And while the former president hides out at Mar-a-Lago, refusing to take responsibility for the big lie that sent the mob to the capitol, his one-time favorite TV network is facing a monster $2.7 billion, billion with a b, dollar lawsuit over how they helped spread the big lie.

Voting technology company Smartmatic, the subject of baseless conspiracy theories about the election suing Fox News. Some of the network star hosts and team Trump Rudy Giuliani and Sidney Powell alleging they waged a, quote, "misinformation campaign that has jeopardized the company's survival."

The lawsuit saying this about the lies pedaled by the former president and his supporters, and I quote. "The earth is round. Two plus two equals four. Joe Biden and Kamala Harris won the 2020 election for president and vice president of the United States. The election was not stolen, rigged or fixed. These are facts. They are demonstrable and irrefutable."

As we've said all along on this network, facts first.

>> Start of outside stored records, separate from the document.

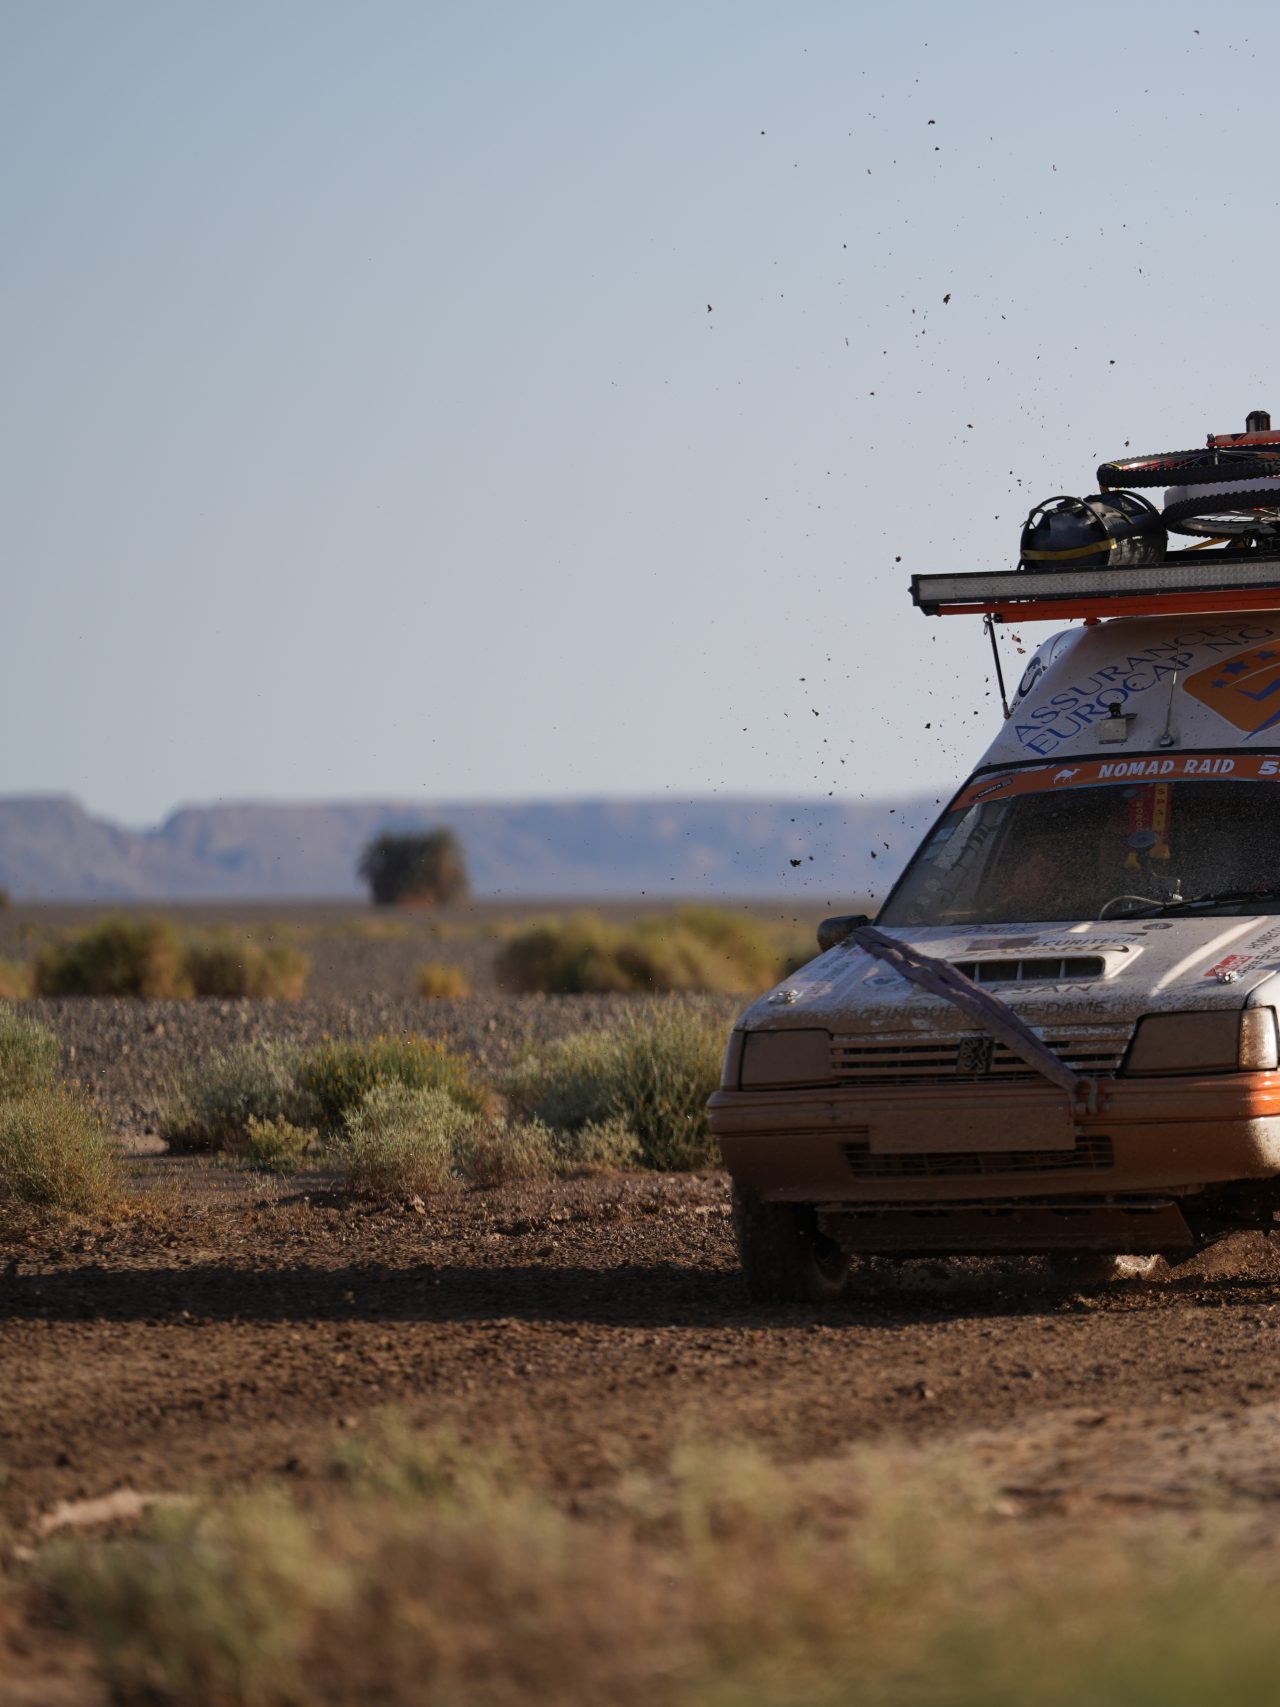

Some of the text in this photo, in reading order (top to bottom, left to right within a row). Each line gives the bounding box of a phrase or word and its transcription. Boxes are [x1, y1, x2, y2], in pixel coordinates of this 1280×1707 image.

[1024, 652, 1193, 755] EUROCAP
[1097, 760, 1175, 778] NOMAD
[1183, 759, 1235, 774] RAID
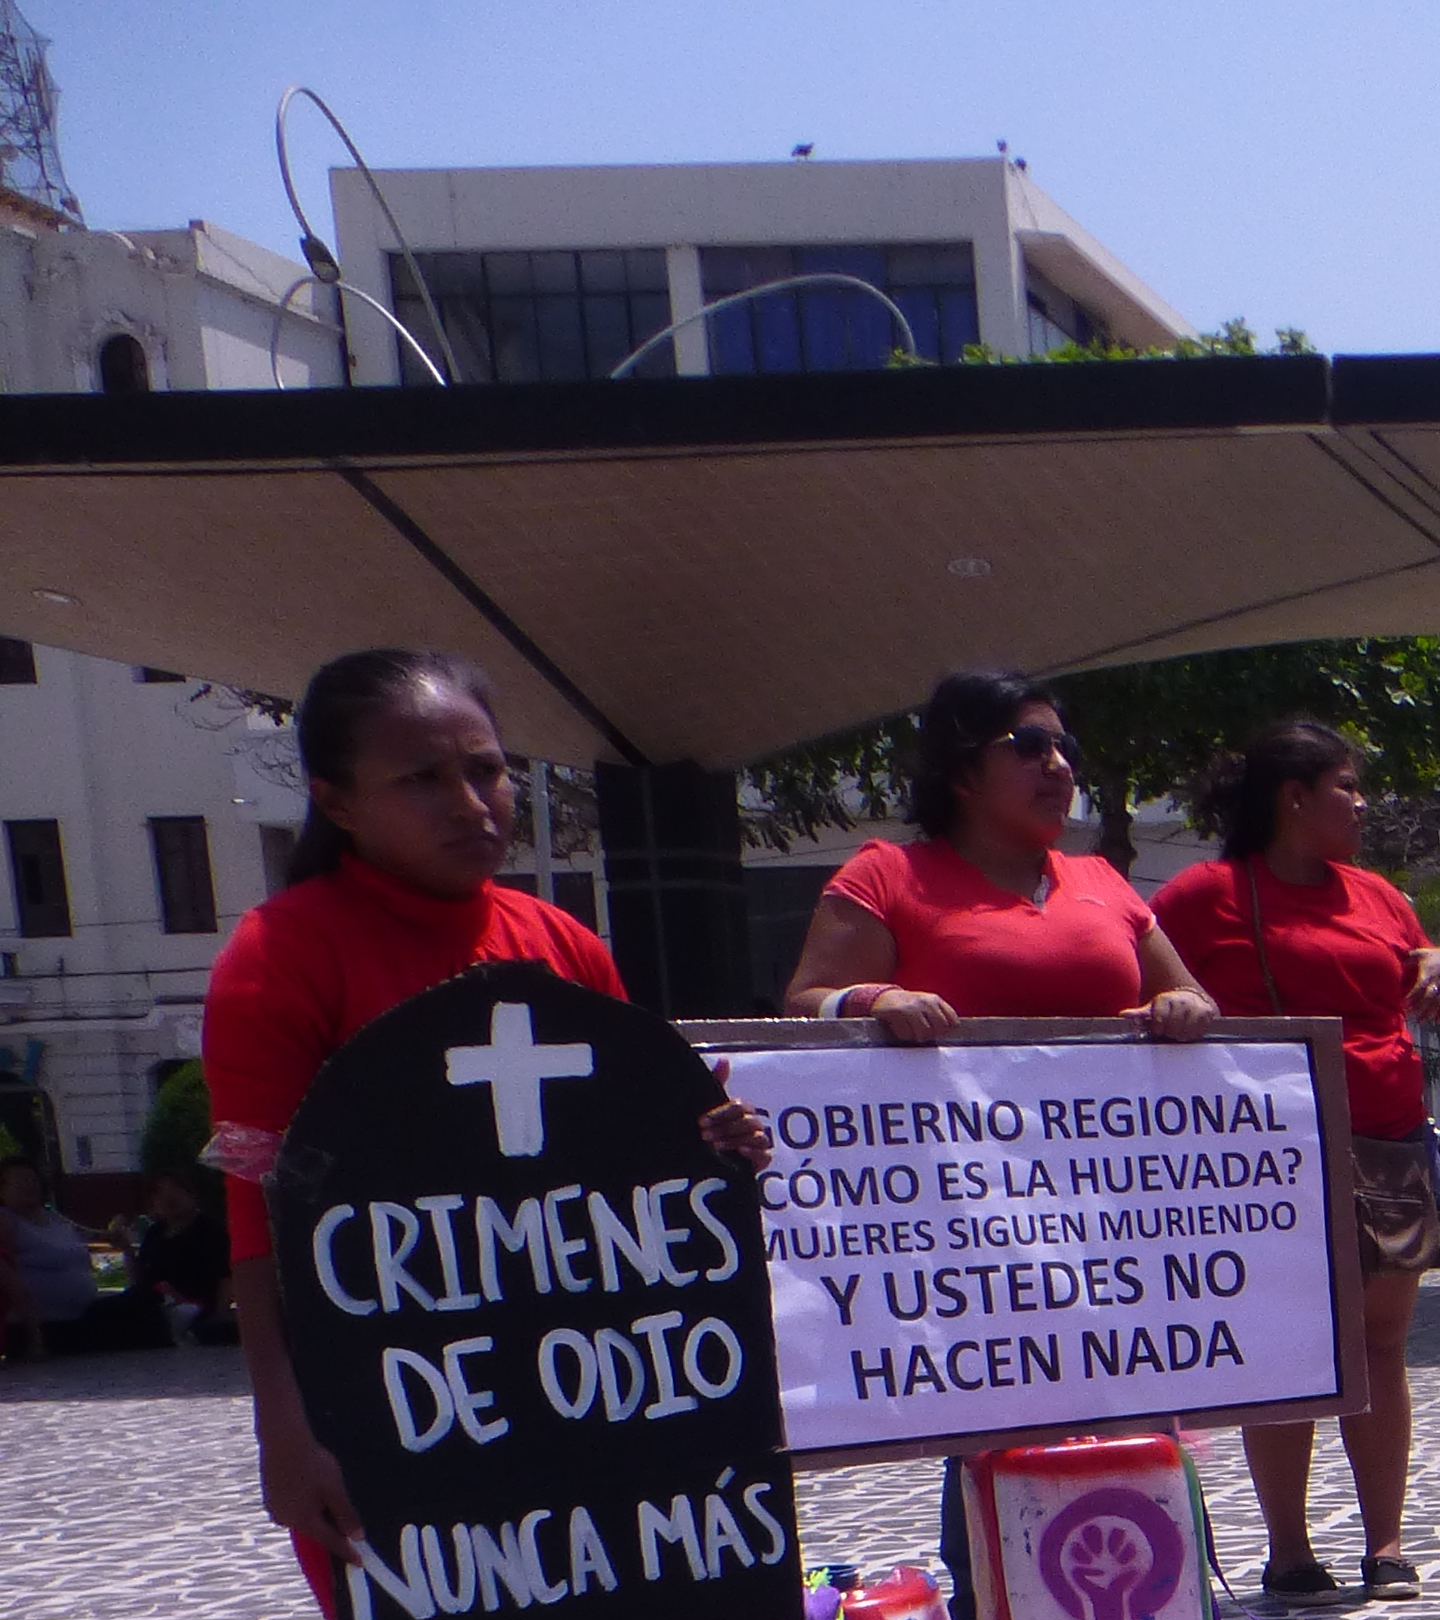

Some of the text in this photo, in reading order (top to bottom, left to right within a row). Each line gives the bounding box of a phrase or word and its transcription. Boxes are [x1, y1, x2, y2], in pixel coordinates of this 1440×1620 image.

[1039, 1092, 1287, 1141] REGIONAL
[757, 1146, 1302, 1211] CÓMO ES LA HUEVADA?
[312, 1176, 740, 1315] CRIMENES
[948, 1212, 1087, 1249] SIGUEN
[1100, 1201, 1296, 1241] MURIENDO
[821, 1250, 1245, 1326] Y USTEDES NO
[383, 1310, 743, 1453] DE ODIO
[850, 1321, 1244, 1399] HACEN NADA
[637, 1466, 785, 1581] MÁS

In the face of all this, President Joe Biden is pushing forward with his agenda, visiting the State Department today and giving a world -- giving the world a message.

(BEGIN VIDEO CLIP)

JOE BIDEN, PRESIDENT OF THE UNITED STATES: America is back. America is back. Diplomacy is back. It's the center of our foreign policy. As I said in my inaugural address, we will repair our alliances, engage with the world once again. Not to meet yesterday's challenges, but today's and tomorrows.

(END VIDEO CLIP)

LEMON: So, America is turning the page. But the Q-Trumplican party cannot. They sewed the wind and so they now reap the whirlwind. That same party now the home of big lies and conspiracy theories. Is that what they meant by a big tent, plenty of room for the QAnon congresswoman? A former QAnon believer speaks out tonight.

(BEGIN VIDEO CLIP)

ASHLEY VANDERBILT, FOMER QANON BELIEVER: This is my opinion. She shouldn't have a job. Anyone that thinks anything that there's any truth of anything that involves with Q, they have no place in government.

(END VIDEO CLIP)

[22:20:00]

(COMMERCIAL BREAK)

LEMON: Marjorie Taylor Greene stripped of her committee assignments tonight. Only 11 Republicans voting with Democrats to take action against Greene who has lies and 9/11 and deadly school shootings -- about 9/11 and deadly school shootings and embrace crack pot QAnon conspiracy theories.

A los to discuss now with CNN's senior political correspondent Abby Philip is here, and senior political commentator John Kasich, the former Republican governor of Ohio.

So good to see both of you. Thank you for joining. Abby, I'm going to start with you. So tonight, only 11 Republicans joined Democrats to remove Marjorie Taylor Greene from her committee assignments. Last night, 61 Republicans voted to remove Liz Cheney from leadership. Is the GOP now the QOP?

ABBY PHILLIP, CNN SENIOR POLITICAL CORRESPONDENT: You know, it's so telling. I mean, the disparity between those numbers, it says everything, I think, you need to know about where the Republican Party is. There's -- there are going to be a lot of members who say they voted against stripping Marjorie Taylor Greene tonight of her committee assignments because they didn't like the precedent.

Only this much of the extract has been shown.